Executive function. In the Wisconsin Card Sorting Test (WCST; Heaton et al., 1993), a measure of problem solving and mental flexibility, participants must correctly categorize cards based on immediate feedback. The Trail Making Test, Part B (Trail Making B; Spreen and Strauss, 1998), is a set-shifting task involving the alternation between numbers and letters. The IGT (Bechara, 2007) is a well-validated, computer-administered laboratory task of decision-making under ambiguity.
Older participants completed the aforementioned measures as part of a larger neuropsychological battery. Each testing session lasted approximately 3 h, with a single experimenter working one-on-one with the older participant. There was no time limit on completion of the FDMQ, although Older participants generally completed the instrument in 30 min to 1 h. As stated previously, the Younger participants completed only the FDMQ in a supervised classroom setting over a 50-min period; none of the undergraduate sample had difficulty finishing the questionnaire in the time allotted. Finally, calculators were not provided for completion of any portion of the FDMQ, however, participants could perform pencil and paper calculations as needed.

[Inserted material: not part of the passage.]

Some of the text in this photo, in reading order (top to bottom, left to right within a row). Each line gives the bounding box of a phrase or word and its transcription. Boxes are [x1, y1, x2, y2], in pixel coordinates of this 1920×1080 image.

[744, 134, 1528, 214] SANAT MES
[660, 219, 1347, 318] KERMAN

Preliminary analyses were conducted to examine the data for the presence of outliers and the appropriateness of assumptions of linearity, independence of errors, and multicollinearity. Logistic regression analyses were then conducted to examine the contributions of Age Group (i.e., Younger vs. Older), Sex (i.e., Older Male vs. Older Female), and neuropsychological performance to financial decision-making, as measured by responses to the FDMQ Scenarios. The first set of regression analyses examined the contribution of Age to the FDMQ Scenarios. For each scenario, the variables of Age and FDMQ were entered into a predictive model to identify whether an individual was a Younger or Older participant. In the second set of regression analyses, which were limited to the Older participants, the contribution of Sex to the FDMQ Scenarios was examined and subsequently entered into a predictive model to identify whether an individual was a Male or Female participant. For each logistic model, Acquired Financial Knowledge was included in the analysis to control for pre-existing financial knowledge. Finally, among the Older participants, correlational analyses were conducted to examine the associations between responses to the FDMQ Scenarios and neuropsychological performance. As the study was exploratory, no adjustment was made for multiple testing.
Table 1 displays the results from the logistic regression analyses of responses to the FDMQ Scenarios between the Younger and Older participants.

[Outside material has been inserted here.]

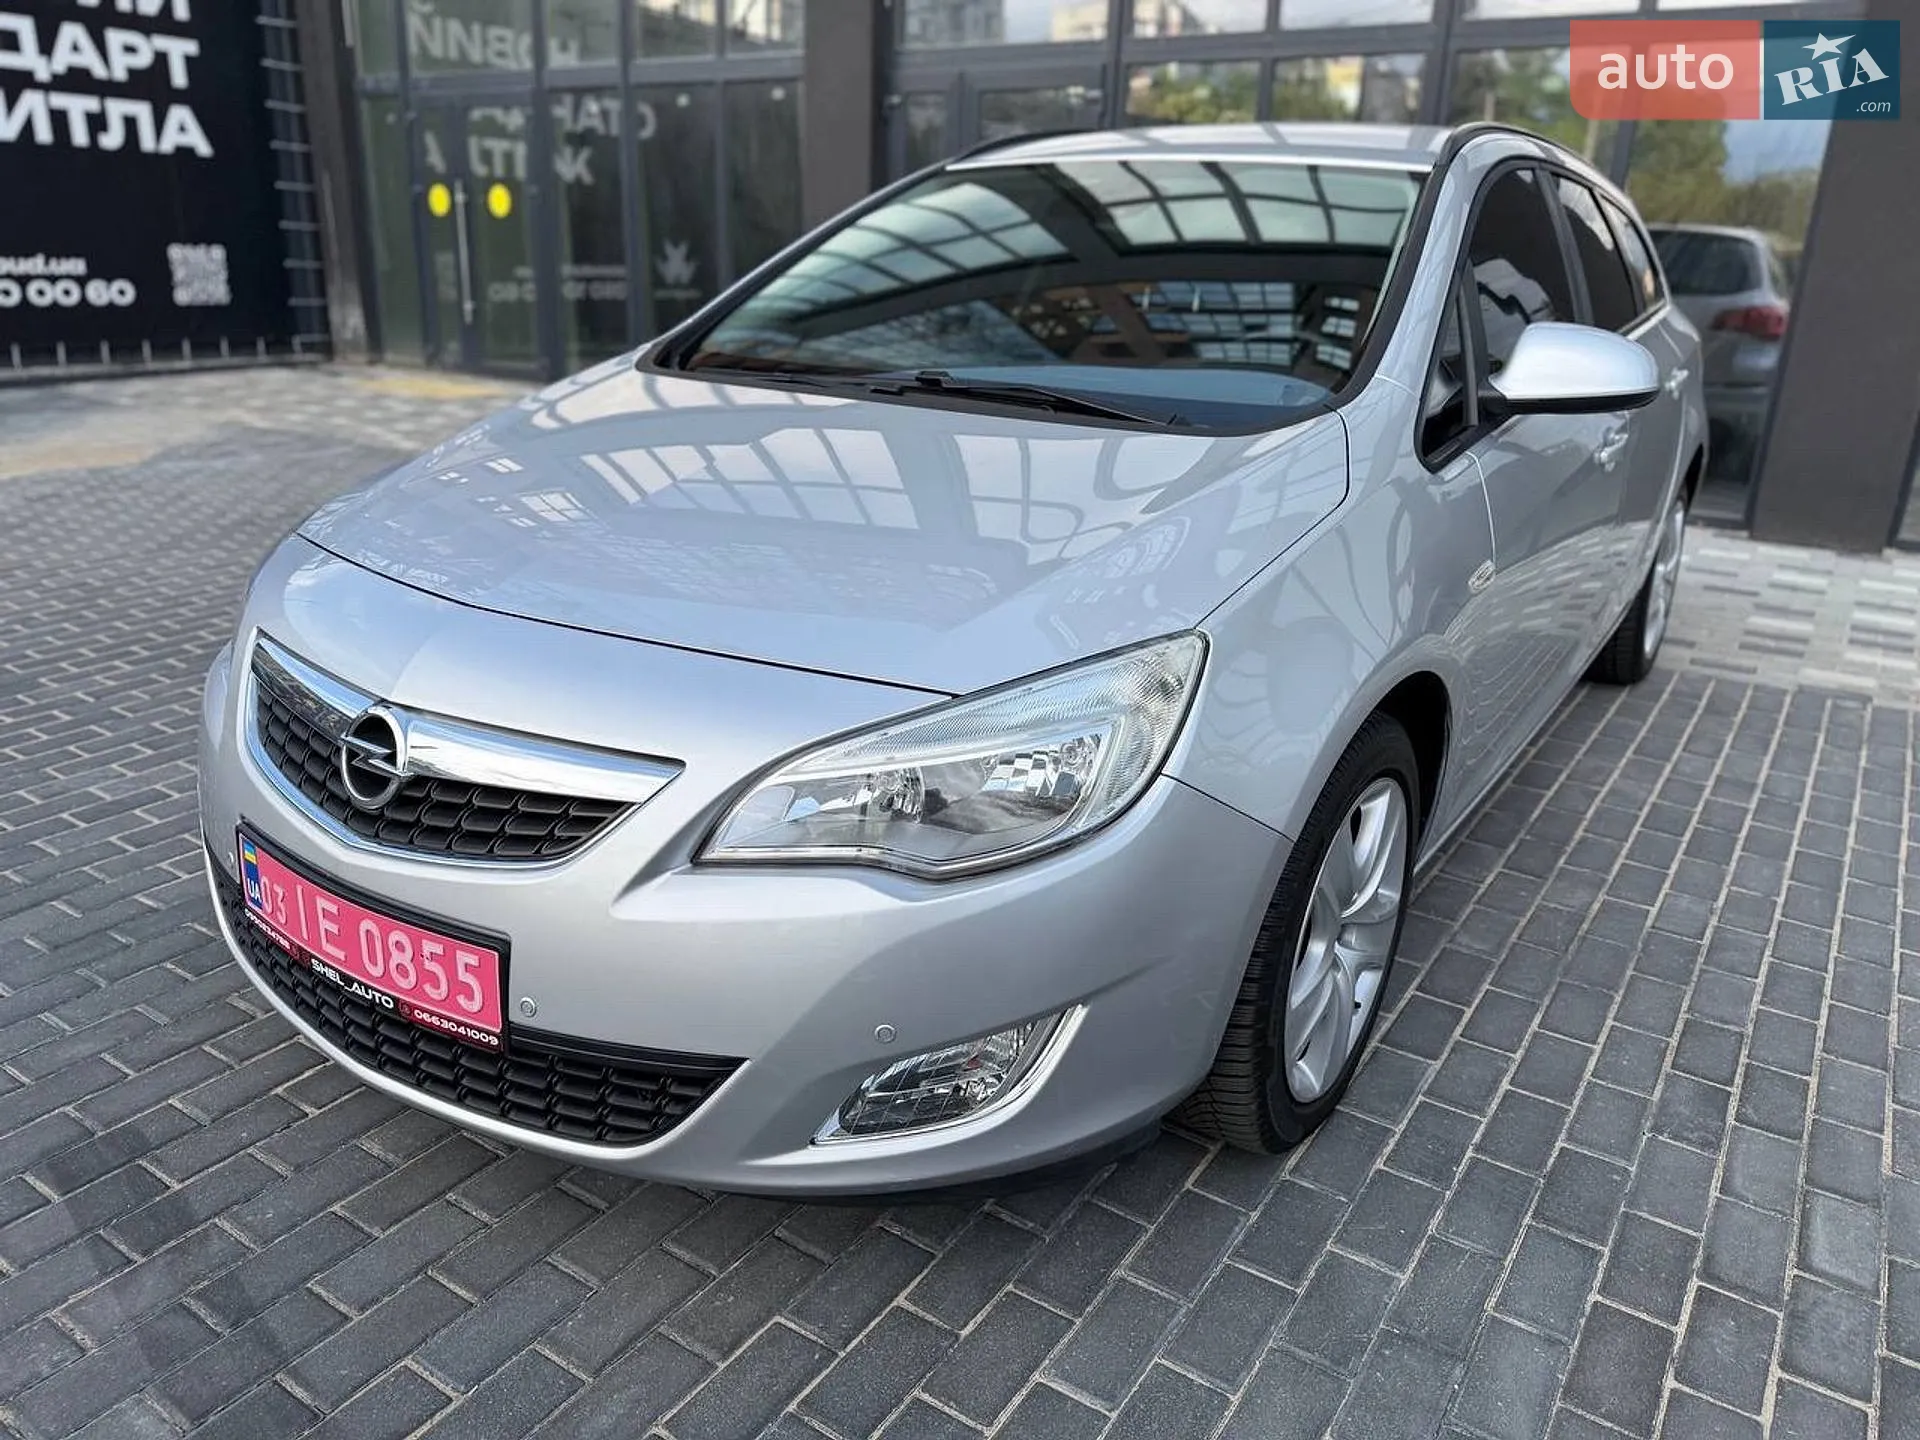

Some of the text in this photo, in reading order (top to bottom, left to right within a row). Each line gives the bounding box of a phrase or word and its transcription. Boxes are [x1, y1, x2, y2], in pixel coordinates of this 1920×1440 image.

The first regression model examined the contributions of Acquired Financial Knowledge and allocations of monthly income (i.e., Rent, Credit Card, Savings Account) in predicting Age Group (i.e., Younger vs. Older). Collectively, these variables made a significant contribution in predicting whether an individual was a Younger or Older participant. Inspection of the partial test for individual variables revealed that Acquired Financial Knowledge significantly predicted a participant’s Age Group. Specifically, the odds that an individual was an Older participant were 1.68 greater for every unit increase in Acquired Financial Knowledge. Said another way, for every one-point increase in Acquired Financial Knowledge, the odds that an individual was an Older participant increased by 68%2.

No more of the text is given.